To stay competitive, Sunnyvale ISD’s school board approved larger pay raises than required by law, ranging from $1,800 for beginning teachers to $2,700 for the most experienced. “We have been blessed to be able to attract and retain great teachers,” Williams said. “We just want to make sure we are able to continue.”

In some school districts, local teachers’ unions and associations are butting heads with administrators as they advocate for higher raises and larger employer contributions to health insurance. After adopting a budget with 5% raises, Laredo ISD’s officials told frustrated teachers they are waiting for more guidance from the state before they consider raising salaries further.

In Houston ISD, the teachers union successfully threatened a no-confidence vote against the superintendent if trustees didn’t pass a budget with pay raises by later this month, arguing the delay would make them less competitive for hiring. After a contentious meeting, the board ultimately approved a deficit budget containing raises of 3.5% to 8%, depending on school employees’ experience levels. The budget also increased the minimum wage for school employees by $2 an hour.

For third grade writing teacher Huyenchau Vu, who watched the Legislature’s initial proposal for $5,000 raises dissolve, a 3.5% raise means a boost of less than $2,000 a year and less than $100 per paycheck. “It goes back into paying for everything, not necessarily into a savings account,” said Vu, who just finished teaching summer school at Houston ISD and will start her third year teaching in August.

She and her colleagues have been taking notes about the higher starting salaries and raises for Houston-area districts such as Aldine ISD and Alief ISD, but not necessarily because they’re trying to jump ship.
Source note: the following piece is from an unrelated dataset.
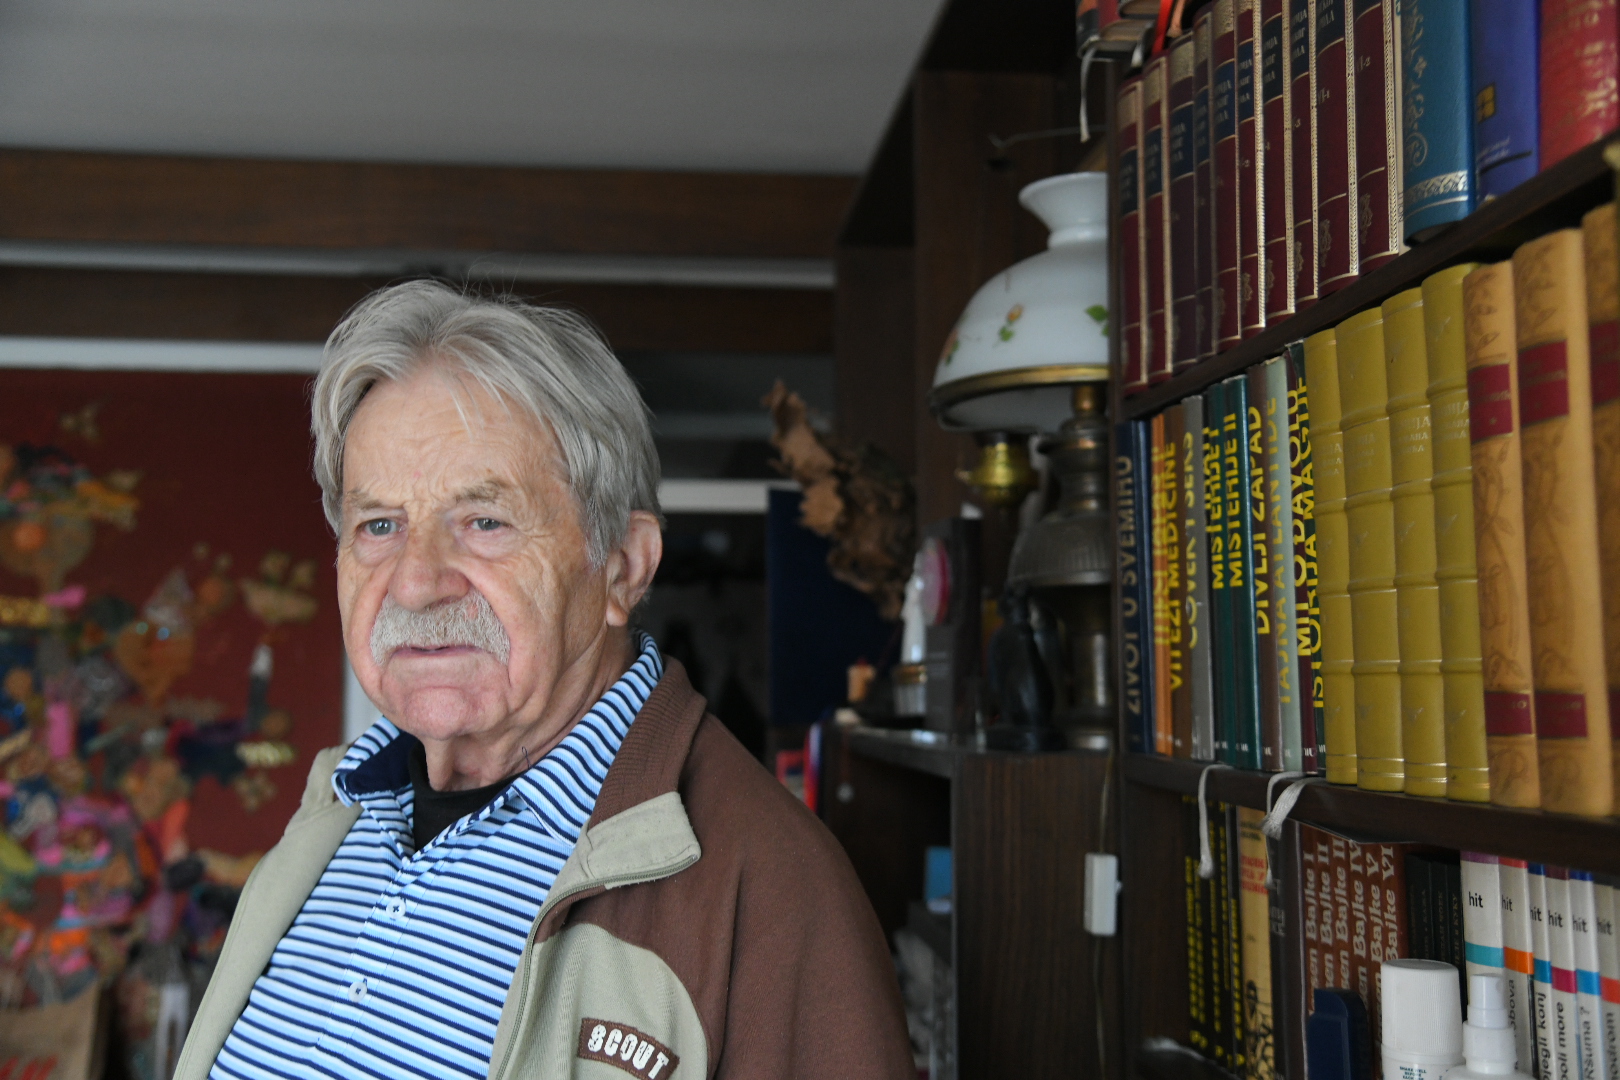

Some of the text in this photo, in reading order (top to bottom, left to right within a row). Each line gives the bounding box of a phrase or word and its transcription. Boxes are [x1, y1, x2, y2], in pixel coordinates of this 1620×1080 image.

While Vu would appreciate more money, she is also worried about the sustainability of the Legislature’s funding increase and is glad Houston ISD appears to be more “realistic” in its budgeting decisions than its neighbors.

“They’re paying their teachers a lot more knowing it’s just over the next two years that we’re receiving money from the state of Texas to put into these teacher salaries,” she said. “After that, no one’s sure what’s going to happen.”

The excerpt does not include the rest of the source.